[The task]
Beginning with the line that holds "Some of the words", write out each line exactly as it stands until the end of the data, and include no pictures.

[Stored data entries]
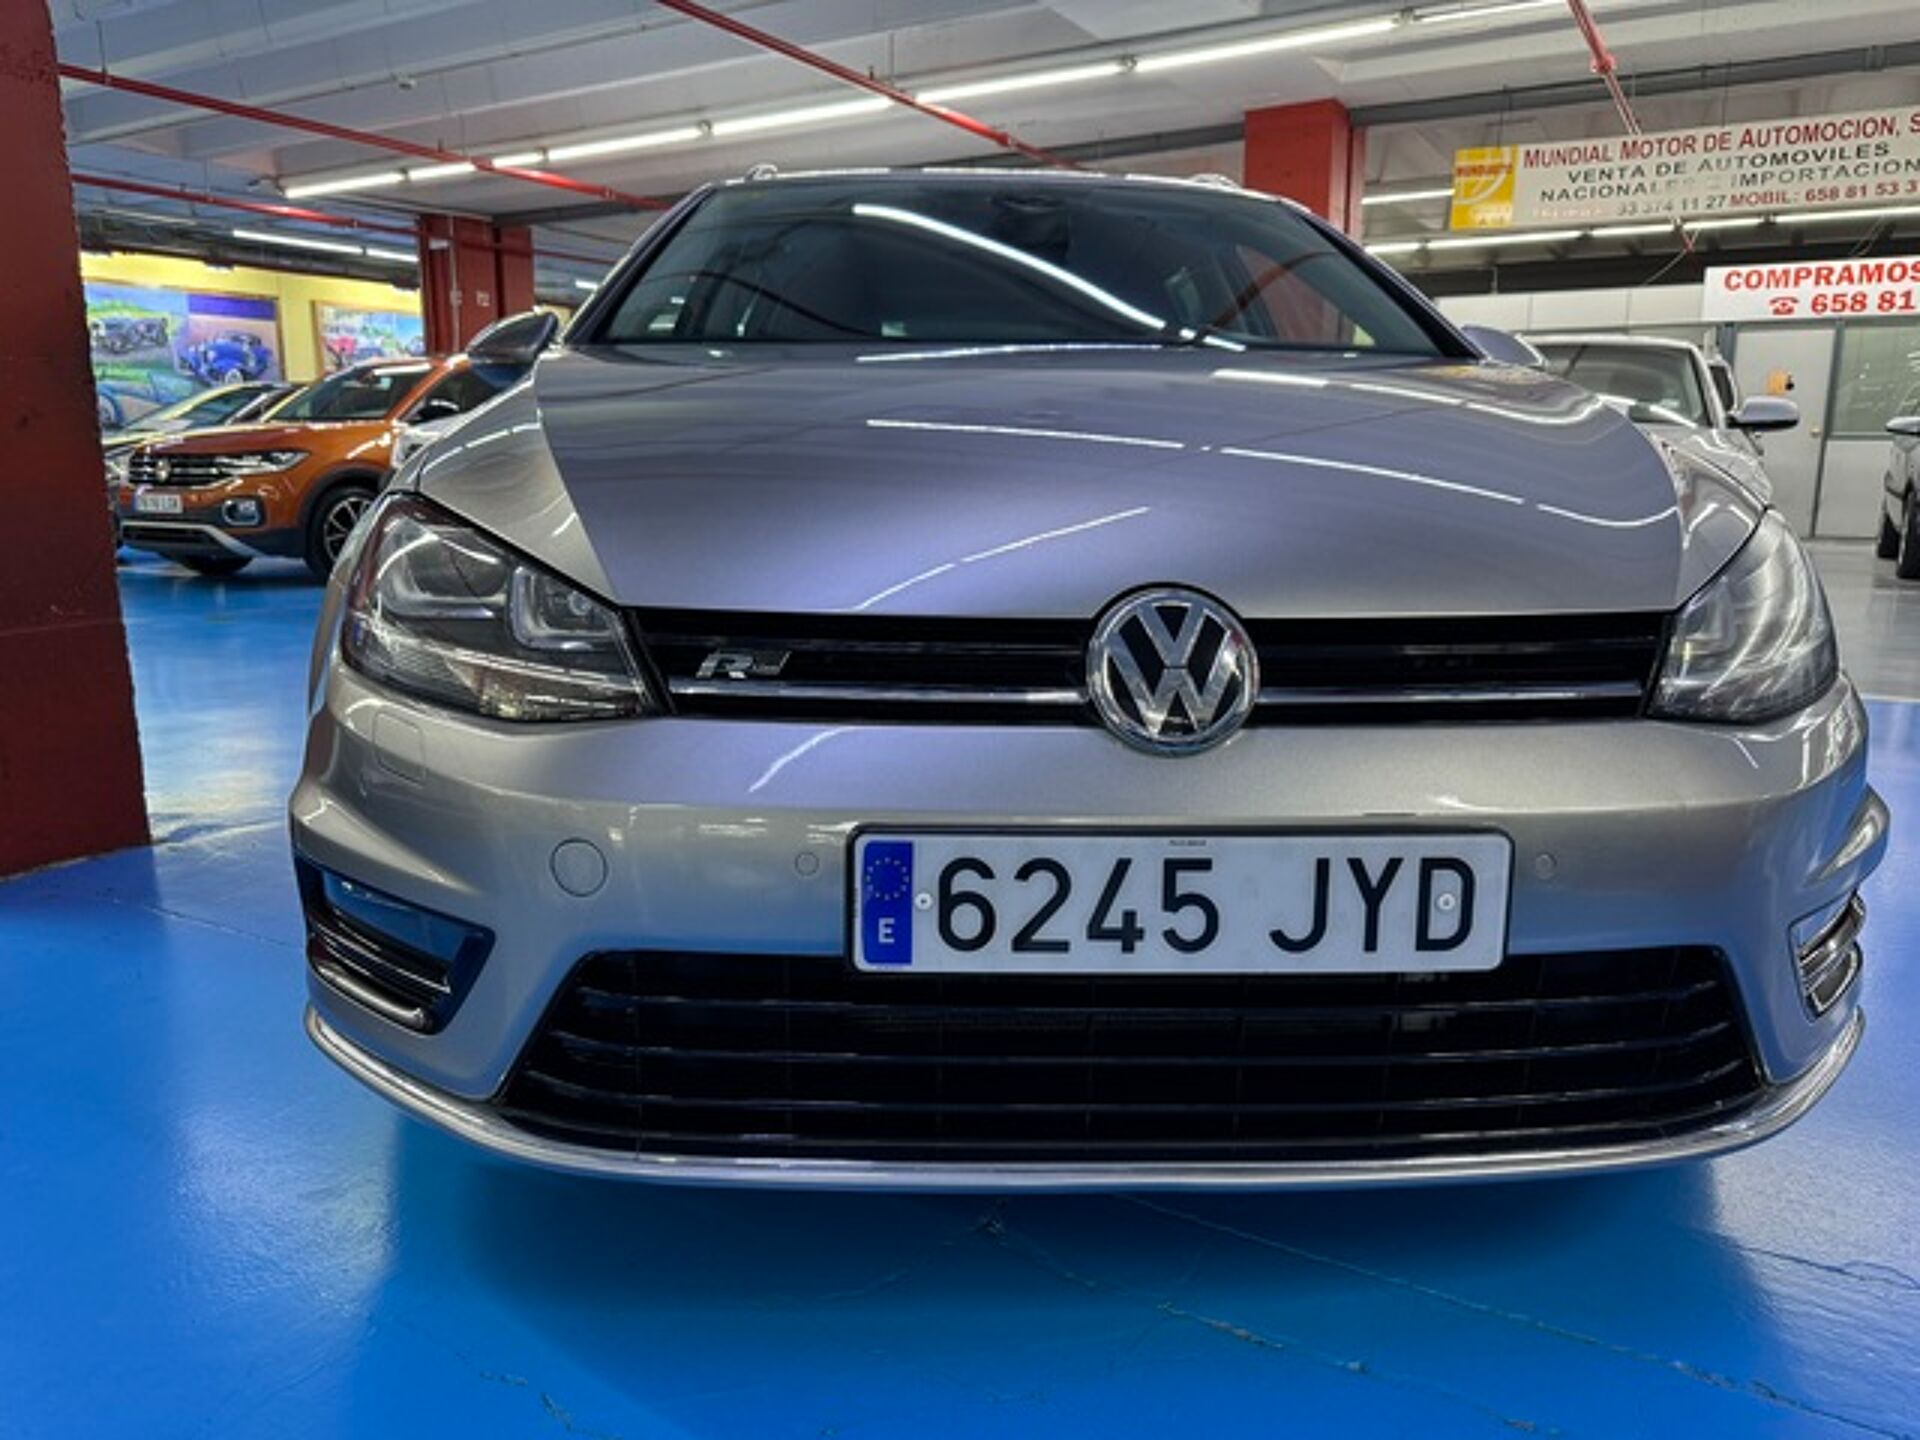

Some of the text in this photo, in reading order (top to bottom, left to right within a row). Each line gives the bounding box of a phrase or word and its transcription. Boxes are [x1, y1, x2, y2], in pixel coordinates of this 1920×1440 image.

[1523, 145, 1615, 168] MUNDIAL
[1620, 134, 1697, 161] MOTOR
[1703, 132, 1732, 151] DE
[1568, 142, 1889, 184] VENTA DE AUTOMOVILES
[1805, 186, 1840, 202] 658
[1845, 184, 1867, 199] 81
[1874, 181, 1900, 196] 53
[1724, 260, 1920, 292] COMPRAMOS
[1811, 289, 1916, 314] 658 81
[937, 856, 1477, 954] 6245 JYD
[878, 917, 896, 944] E
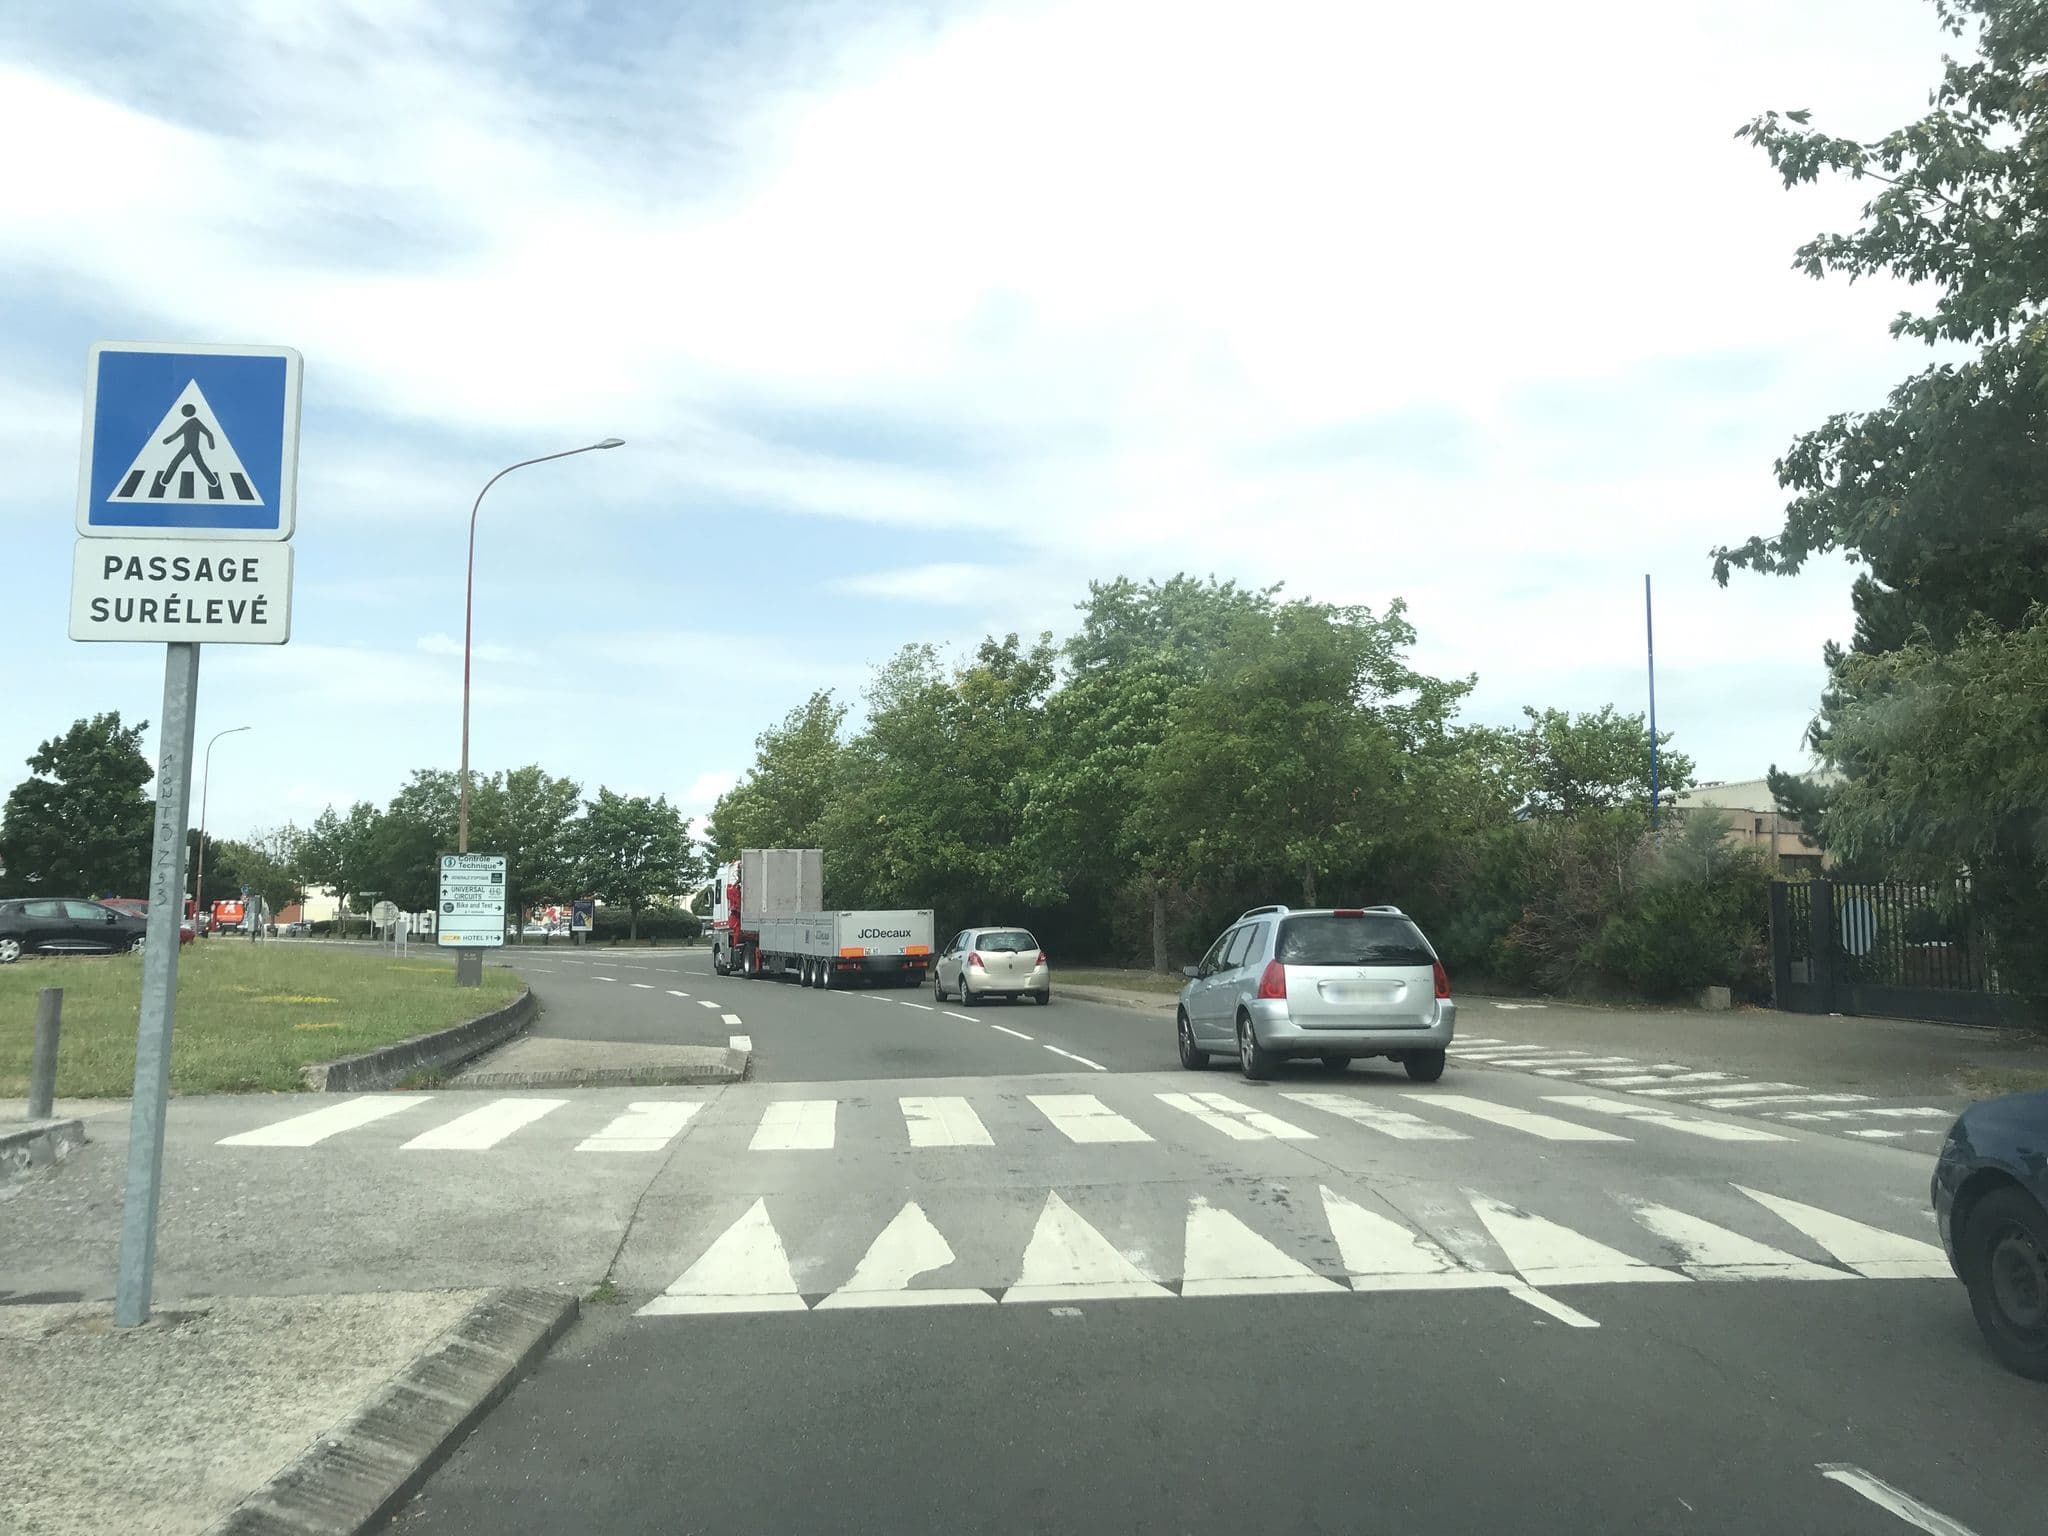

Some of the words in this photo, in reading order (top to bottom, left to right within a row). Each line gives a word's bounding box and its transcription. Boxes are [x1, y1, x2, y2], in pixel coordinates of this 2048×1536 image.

[103, 555, 259, 583] PASSAGE
[89, 593, 268, 624] SURÉLEVÉ
[458, 862, 497, 870] Technique
[857, 928, 912, 939] JCDecaux
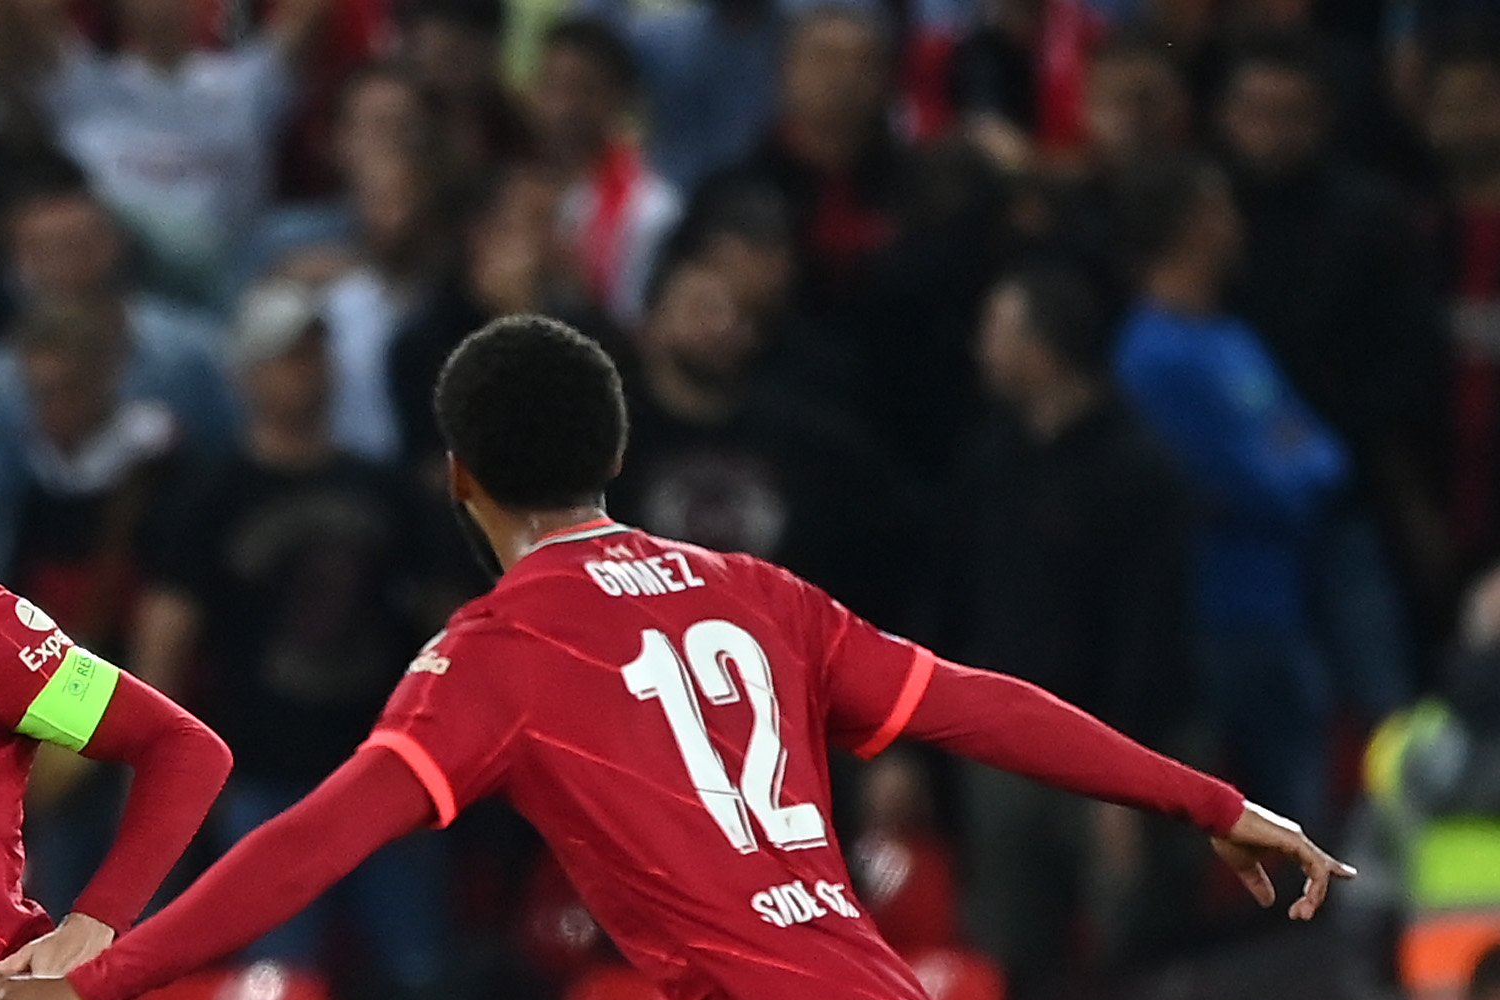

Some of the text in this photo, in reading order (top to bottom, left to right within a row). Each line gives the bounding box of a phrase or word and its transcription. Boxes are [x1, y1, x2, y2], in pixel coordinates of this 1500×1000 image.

[584, 551, 706, 597] GOMEZ
[18, 629, 75, 672] Exp
[620, 619, 829, 855] 12
[750, 880, 828, 928] SIDE

[Exercise response]
Some of the words in this photo, in reading order (top to bottom, left to right within a row). Each line gives a word's bounding box and its transcription. Boxes are [x1, y1, x2, y2], in pixel coordinates of this 2048×1536 image.

[103, 555, 259, 583] PASSAGE
[89, 593, 268, 624] SURÉLEVÉ
[458, 862, 497, 870] Technique
[857, 928, 912, 939] JCDecaux

Some of the text in this photo, in reading order (top to bottom, left to right within a row). Each line gives the bounding box of a phrase or word and its transcription. Boxes are [x1, y1, x2, y2], in pixel coordinates of this 1500×1000 image.

[584, 551, 706, 597] GOMEZ
[18, 629, 75, 672] Exp
[620, 619, 829, 855] 12
[750, 880, 828, 928] SIDE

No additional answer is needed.